▶ **EXTRACTED INFORMATION**
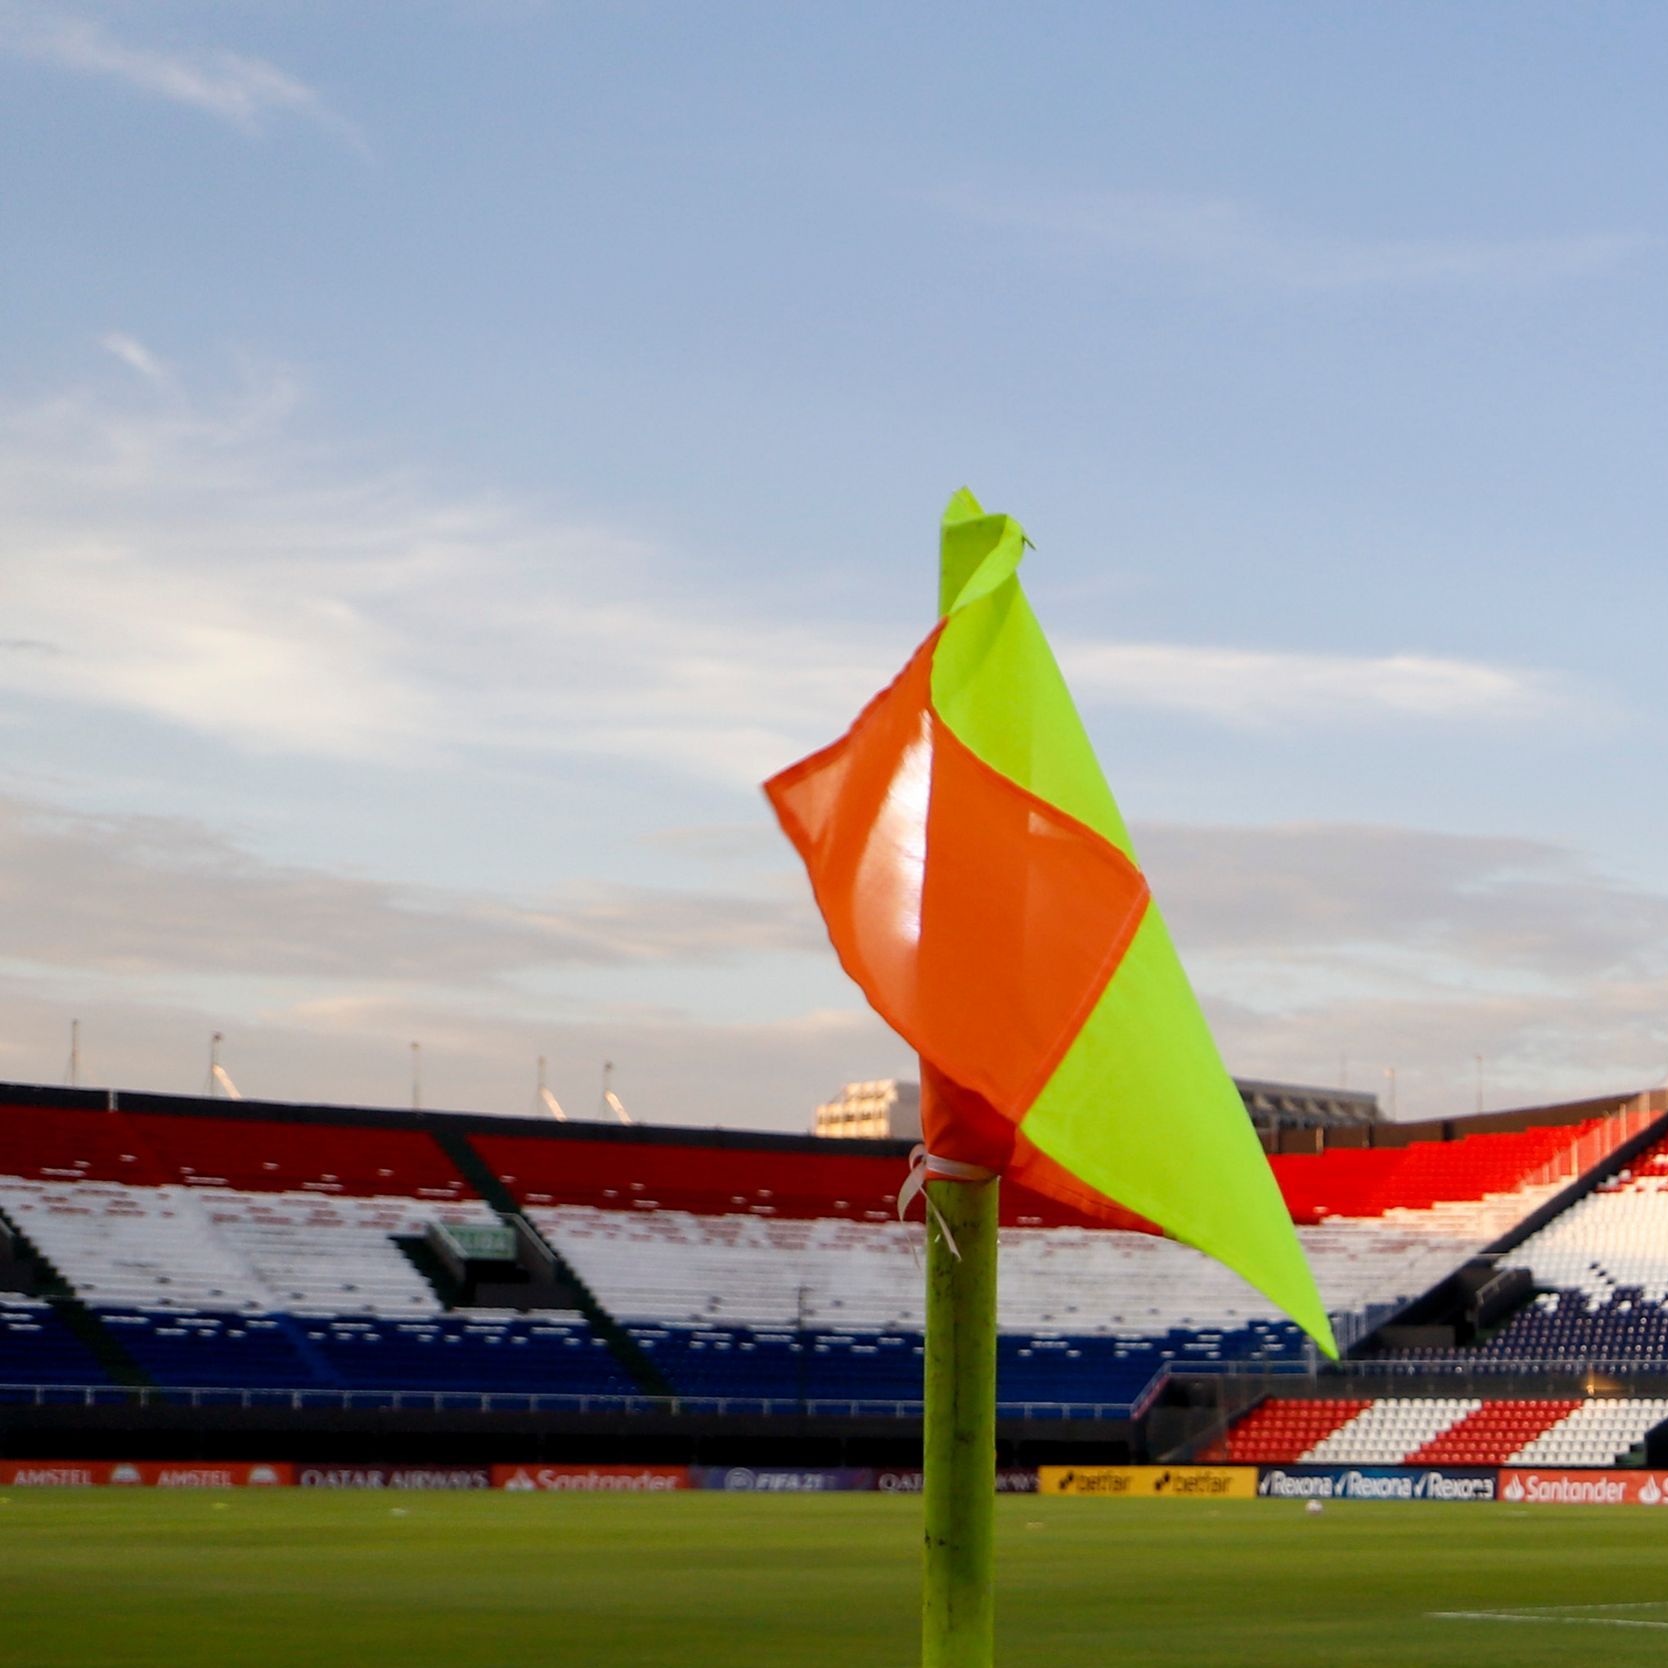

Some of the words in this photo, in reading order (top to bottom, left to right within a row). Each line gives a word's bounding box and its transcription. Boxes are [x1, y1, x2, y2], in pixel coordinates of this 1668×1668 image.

[14, 1469, 92, 1487] AMSTEL
[157, 1470, 232, 1488] AMSTEL
[301, 1470, 384, 1489] QATAR
[388, 1470, 490, 1489] AIRWAYS
[537, 1468, 680, 1490] Santander
[756, 1473, 800, 1491] FIFA
[1077, 1474, 1133, 1492] betfair
[1173, 1474, 1232, 1494] betfair
[1271, 1471, 1333, 1497] Rexona
[1345, 1471, 1412, 1497] Rexona
[1426, 1472, 1494, 1499] Rexona
[1526, 1476, 1627, 1502] Santander
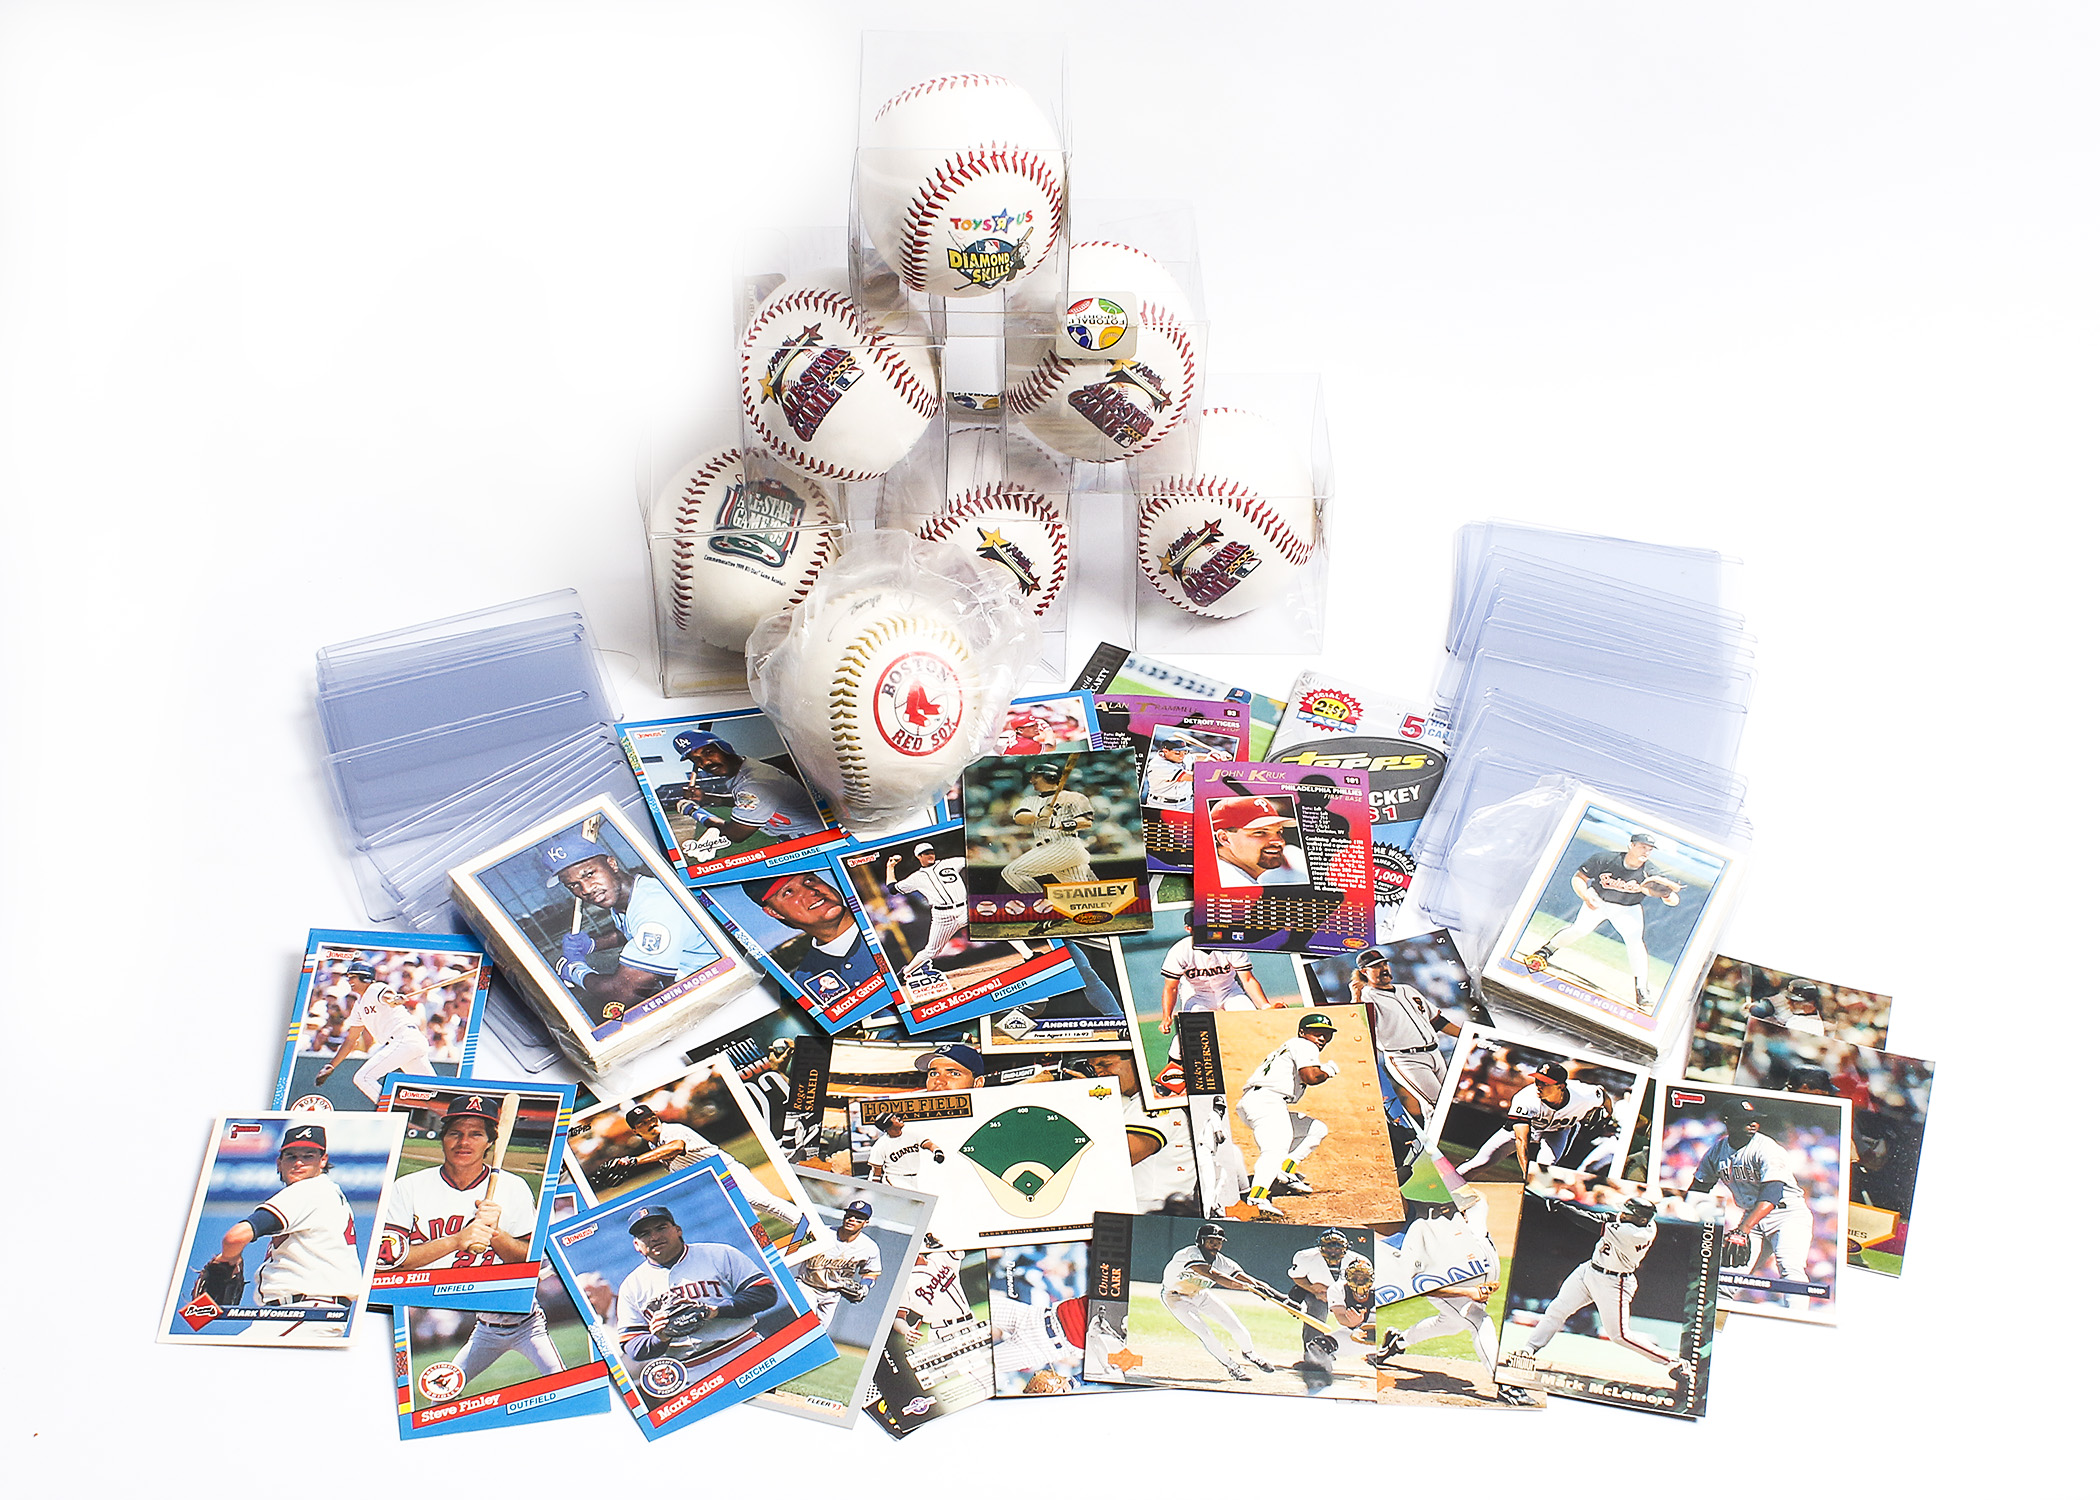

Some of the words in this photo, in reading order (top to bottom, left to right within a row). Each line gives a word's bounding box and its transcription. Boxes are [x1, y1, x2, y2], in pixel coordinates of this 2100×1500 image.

[950, 218, 992, 231] TOYS
[1016, 210, 1033, 225] US
[947, 248, 1010, 268] DIAMOND
[972, 262, 1010, 283] SKILLS
[882, 658, 950, 699] BOSTON
[1305, 691, 1341, 705] SPECIAL
[1342, 694, 1360, 719] VALUE
[1183, 717, 1215, 727] DETROIT
[1215, 719, 1241, 729] TIGERS
[1297, 710, 1357, 733] PACK
[1400, 714, 1426, 739] 5
[891, 729, 923, 751] RED
[931, 718, 959, 748] SOX
[1204, 769, 1244, 783] JOHN
[1248, 769, 1286, 782] KRUK
[1280, 784, 1332, 794] PHILADELPHIA
[1332, 787, 1363, 797] PHILLIES
[1323, 793, 1344, 801] FIRST
[685, 836, 730, 852] Dodgers
[696, 860, 724, 876] Juan
[725, 850, 767, 870] Samuel
[768, 853, 802, 866] SECOND
[801, 847, 822, 859] BASE
[1373, 868, 1404, 885] 1,000
[1052, 884, 1128, 899] STANLEY
[1069, 902, 1113, 911] STANLEY
[909, 973, 945, 989] SOX
[1185, 963, 1231, 979] GIANTS
[641, 986, 683, 1013] KERWIN
[682, 966, 720, 991] MOORE
[830, 995, 859, 1017] Mark
[855, 975, 885, 998] Grant
[912, 983, 948, 994] CHICAGO
[920, 1000, 948, 1018] Jack
[949, 978, 1003, 1005] McDowell
[994, 980, 1028, 999] PITCHER
[1557, 982, 1592, 1004] CHRIS
[1593, 998, 1635, 1020] HOILES
[1042, 1020, 1078, 1029] ANDRES
[1199, 1030, 1217, 1090] HENDERSON
[793, 1083, 805, 1111] Roger
[805, 1068, 818, 1112] SALKELD
[864, 1101, 915, 1116] HOME
[920, 1096, 968, 1111] FIELD
[889, 1143, 920, 1163] GIANTS
[405, 1272, 431, 1284] Hill
[437, 1283, 475, 1293] INFIELD
[1098, 1262, 1109, 1297] Chuck
[1110, 1268, 1122, 1298] CARR
[1733, 1275, 1772, 1289] HARRIS
[227, 1308, 258, 1318] MARK
[259, 1308, 306, 1319] WOHLERS
[326, 1310, 345, 1319] RHP
[738, 1357, 777, 1385] CATCHER
[657, 1396, 691, 1421] Mark
[689, 1375, 725, 1401] Salas
[1541, 1373, 1586, 1393] Mark
[1587, 1382, 1676, 1409] McLemore
[421, 1405, 458, 1423] Steve
[459, 1393, 501, 1412] Finley
[509, 1392, 557, 1412] OUTFIELD
[807, 1396, 831, 1408] FLEER

▶ **TASK GOAL**
An exact copy of all the lines above is required, with the pictures removed.

▶ **RESULT OF THIS TASK**
Some of the words in this photo, in reading order (top to bottom, left to right within a row). Each line gives a word's bounding box and its transcription. Boxes are [x1, y1, x2, y2], in pixel coordinates of this 1668×1668 image.

[14, 1469, 92, 1487] AMSTEL
[157, 1470, 232, 1488] AMSTEL
[301, 1470, 384, 1489] QATAR
[388, 1470, 490, 1489] AIRWAYS
[537, 1468, 680, 1490] Santander
[756, 1473, 800, 1491] FIFA
[1077, 1474, 1133, 1492] betfair
[1173, 1474, 1232, 1494] betfair
[1271, 1471, 1333, 1497] Rexona
[1345, 1471, 1412, 1497] Rexona
[1426, 1472, 1494, 1499] Rexona
[1526, 1476, 1627, 1502] Santander

Some of the words in this photo, in reading order (top to bottom, left to right within a row). Each line gives a word's bounding box and its transcription. Boxes are [x1, y1, x2, y2], in pixel coordinates of this 2100×1500 image.

[950, 218, 992, 231] TOYS
[1016, 210, 1033, 225] US
[947, 248, 1010, 268] DIAMOND
[972, 262, 1010, 283] SKILLS
[882, 658, 950, 699] BOSTON
[1305, 691, 1341, 705] SPECIAL
[1342, 694, 1360, 719] VALUE
[1183, 717, 1215, 727] DETROIT
[1215, 719, 1241, 729] TIGERS
[1297, 710, 1357, 733] PACK
[1400, 714, 1426, 739] 5
[891, 729, 923, 751] RED
[931, 718, 959, 748] SOX
[1204, 769, 1244, 783] JOHN
[1248, 769, 1286, 782] KRUK
[1280, 784, 1332, 794] PHILADELPHIA
[1332, 787, 1363, 797] PHILLIES
[1323, 793, 1344, 801] FIRST
[685, 836, 730, 852] Dodgers
[696, 860, 724, 876] Juan
[725, 850, 767, 870] Samuel
[768, 853, 802, 866] SECOND
[801, 847, 822, 859] BASE
[1373, 868, 1404, 885] 1,000
[1052, 884, 1128, 899] STANLEY
[1069, 902, 1113, 911] STANLEY
[909, 973, 945, 989] SOX
[1185, 963, 1231, 979] GIANTS
[641, 986, 683, 1013] KERWIN
[682, 966, 720, 991] MOORE
[830, 995, 859, 1017] Mark
[855, 975, 885, 998] Grant
[912, 983, 948, 994] CHICAGO
[920, 1000, 948, 1018] Jack
[949, 978, 1003, 1005] McDowell
[994, 980, 1028, 999] PITCHER
[1557, 982, 1592, 1004] CHRIS
[1593, 998, 1635, 1020] HOILES
[1042, 1020, 1078, 1029] ANDRES
[1199, 1030, 1217, 1090] HENDERSON
[793, 1083, 805, 1111] Roger
[805, 1068, 818, 1112] SALKELD
[864, 1101, 915, 1116] HOME
[920, 1096, 968, 1111] FIELD
[889, 1143, 920, 1163] GIANTS
[405, 1272, 431, 1284] Hill
[437, 1283, 475, 1293] INFIELD
[1098, 1262, 1109, 1297] Chuck
[1110, 1268, 1122, 1298] CARR
[1733, 1275, 1772, 1289] HARRIS
[227, 1308, 258, 1318] MARK
[259, 1308, 306, 1319] WOHLERS
[326, 1310, 345, 1319] RHP
[738, 1357, 777, 1385] CATCHER
[657, 1396, 691, 1421] Mark
[689, 1375, 725, 1401] Salas
[1541, 1373, 1586, 1393] Mark
[1587, 1382, 1676, 1409] McLemore
[421, 1405, 458, 1423] Steve
[459, 1393, 501, 1412] Finley
[509, 1392, 557, 1412] OUTFIELD
[807, 1396, 831, 1408] FLEER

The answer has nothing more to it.